1.     Place a small, dry saucepan over high heat. Add quinoa and toast for about 5 minutes, shaking and stirring constantly to prevent scorching. Transfer to a large saucepan and add water. Bring to a boil, reduce to a simmer and cook, covered, until water is absorbed, about 10 minutes. Set aside to cool.
2.     Meanwhile, to make mayonnaise combine ingredients in a blender or food processor and puree until smooth. Taste and adjust seasoning as necessary. Refrigerate until ready to use.
3.     In a large bowl, combine cooked quinoa, flour, cheese, and salt. Add scallions, parsley, egg, and yolk. Stir thoroughly with a spoon until the mixture has the consistency of soft dough.
4.     Heat oil in a large skillet over medium heat. Using two soup spoons, press batter into egg-shaped ovals and gently slide into the hot oil or use a small ice cream scoop. Fry until the bottoms are golden and brown, less than a minute. Turn and fry the second side until golden, less than a minute. Drain on paper towels and serve warm, topped with red pepper mayonnaise.

from Chef Mary Sue Milliken (Top Chef Masters, Season 3, Ep. 5, Elimination Challenge Winner)

raw quinoa (looks very similar to sesame seeds, only slightly rounder)

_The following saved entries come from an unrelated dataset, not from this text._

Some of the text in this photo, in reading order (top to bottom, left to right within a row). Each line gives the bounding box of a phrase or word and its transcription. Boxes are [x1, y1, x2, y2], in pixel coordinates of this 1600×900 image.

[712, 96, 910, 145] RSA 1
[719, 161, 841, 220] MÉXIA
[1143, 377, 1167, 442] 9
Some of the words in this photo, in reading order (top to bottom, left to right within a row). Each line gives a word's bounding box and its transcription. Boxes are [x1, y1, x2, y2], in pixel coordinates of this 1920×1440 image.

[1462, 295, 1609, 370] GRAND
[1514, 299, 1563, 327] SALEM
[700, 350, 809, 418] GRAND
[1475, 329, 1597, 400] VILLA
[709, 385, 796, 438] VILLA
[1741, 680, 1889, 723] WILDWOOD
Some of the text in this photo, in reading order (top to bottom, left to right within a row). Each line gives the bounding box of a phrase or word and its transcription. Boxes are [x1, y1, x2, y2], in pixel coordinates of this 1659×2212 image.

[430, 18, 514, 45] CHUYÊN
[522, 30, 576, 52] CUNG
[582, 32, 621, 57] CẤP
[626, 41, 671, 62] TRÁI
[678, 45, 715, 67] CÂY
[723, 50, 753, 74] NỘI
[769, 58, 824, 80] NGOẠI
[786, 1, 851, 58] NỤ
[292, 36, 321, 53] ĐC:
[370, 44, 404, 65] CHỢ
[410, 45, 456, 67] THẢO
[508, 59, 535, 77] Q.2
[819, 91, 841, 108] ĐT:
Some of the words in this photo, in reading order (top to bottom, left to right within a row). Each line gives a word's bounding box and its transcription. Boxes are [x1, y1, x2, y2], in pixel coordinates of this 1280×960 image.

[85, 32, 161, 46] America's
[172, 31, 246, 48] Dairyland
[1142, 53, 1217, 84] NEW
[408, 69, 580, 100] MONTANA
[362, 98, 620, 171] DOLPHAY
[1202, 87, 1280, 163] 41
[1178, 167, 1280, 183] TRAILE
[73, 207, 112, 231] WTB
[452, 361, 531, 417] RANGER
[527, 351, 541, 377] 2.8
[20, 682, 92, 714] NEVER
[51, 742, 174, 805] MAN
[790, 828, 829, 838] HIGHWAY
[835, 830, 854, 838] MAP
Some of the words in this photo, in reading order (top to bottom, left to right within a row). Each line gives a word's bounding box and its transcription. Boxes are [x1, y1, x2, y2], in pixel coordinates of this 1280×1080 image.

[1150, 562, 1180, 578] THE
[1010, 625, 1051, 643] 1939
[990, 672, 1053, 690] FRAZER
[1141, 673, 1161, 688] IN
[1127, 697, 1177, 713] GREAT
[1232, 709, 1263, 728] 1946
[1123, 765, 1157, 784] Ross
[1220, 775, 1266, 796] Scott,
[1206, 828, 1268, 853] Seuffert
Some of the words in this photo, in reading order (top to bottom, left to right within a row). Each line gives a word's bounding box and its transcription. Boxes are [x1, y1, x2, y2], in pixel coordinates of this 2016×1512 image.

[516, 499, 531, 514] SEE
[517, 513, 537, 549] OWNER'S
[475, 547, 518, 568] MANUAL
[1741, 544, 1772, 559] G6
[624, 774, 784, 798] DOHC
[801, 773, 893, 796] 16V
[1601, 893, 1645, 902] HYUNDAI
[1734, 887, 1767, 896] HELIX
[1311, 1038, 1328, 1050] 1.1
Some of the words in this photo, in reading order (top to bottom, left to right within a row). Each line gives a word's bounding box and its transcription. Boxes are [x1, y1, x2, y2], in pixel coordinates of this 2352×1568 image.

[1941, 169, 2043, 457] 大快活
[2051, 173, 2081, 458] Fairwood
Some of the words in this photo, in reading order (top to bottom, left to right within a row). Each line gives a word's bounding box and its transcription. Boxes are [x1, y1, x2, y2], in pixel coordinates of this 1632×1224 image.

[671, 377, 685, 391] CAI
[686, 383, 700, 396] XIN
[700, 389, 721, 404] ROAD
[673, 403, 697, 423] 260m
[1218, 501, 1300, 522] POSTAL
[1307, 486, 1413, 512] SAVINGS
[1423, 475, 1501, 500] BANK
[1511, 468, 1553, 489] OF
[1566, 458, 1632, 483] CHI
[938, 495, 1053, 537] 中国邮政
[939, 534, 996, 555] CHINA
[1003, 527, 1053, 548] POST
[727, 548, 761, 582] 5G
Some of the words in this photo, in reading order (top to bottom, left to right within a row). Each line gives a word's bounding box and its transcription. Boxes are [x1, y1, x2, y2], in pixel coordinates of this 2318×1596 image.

It's important to rinse well before cooking because quinoa has saponin on
it (a bitter, resin-like substance that acts as a natural insect repellent).
roasted garlic cloves (I made extra)

To roast: place garlic cloves in a small baking dish and drizzle
with just enough olive oil to coat. Cover dish with foil and roast
at 375° F. until golden brown and tender, about 40 minutes.
Cool and squeeze garlic cloves out of their skins.
red pepper mayo ingredients
red pepper mayo

I think mine was a little loose because I used bottled roasted
red peppers and even though I drained them, I should have
reduced the amount of olive oil a little to compensate for whatever
was still clinging to the peppers. It was still delicious, just more like a sauce.
cooked quinoa
cooked quinoa, up close and personal
chopped scallions
grated cotija cheese
adding all the ingredients
everything mixed
pan frying the fritters

I didn't make mine into ovals using spoons,
I just formed patties with my hands.
flipped and almost ready


Elizabeth (Foodie, Formerly Fat) said...

Love, love, love, love, love this! Quinoa is delicious and since it's "grain" I can get Andy to eat it. Hooray for disguised protein!

Randi said...

How do you pronouce quinn-oh-wa?

Susan said...

Like it sounds.

Anonymous said...

I made the sauce tonight to use with shrimp. It was delicious. I will try the Quinoa soon - out of it right now.

Susan said...

@Becky: And I thought I was teaching you something new!

Anonymous said...

On the sauce - yes. On the Quinoa - no. I'm still going to try your recipe, though.
You have taught me lots of new things, though.

Anonymous said...

Susan - another wonderful use for the sauce is shrimp salad (cold). Before I had used it with hot shrimp - I already told you how good that was.

I have been repeating other recipes lately and they are just as good when I try them again.


Susan said...

So glad Becky...thanks for all the comments!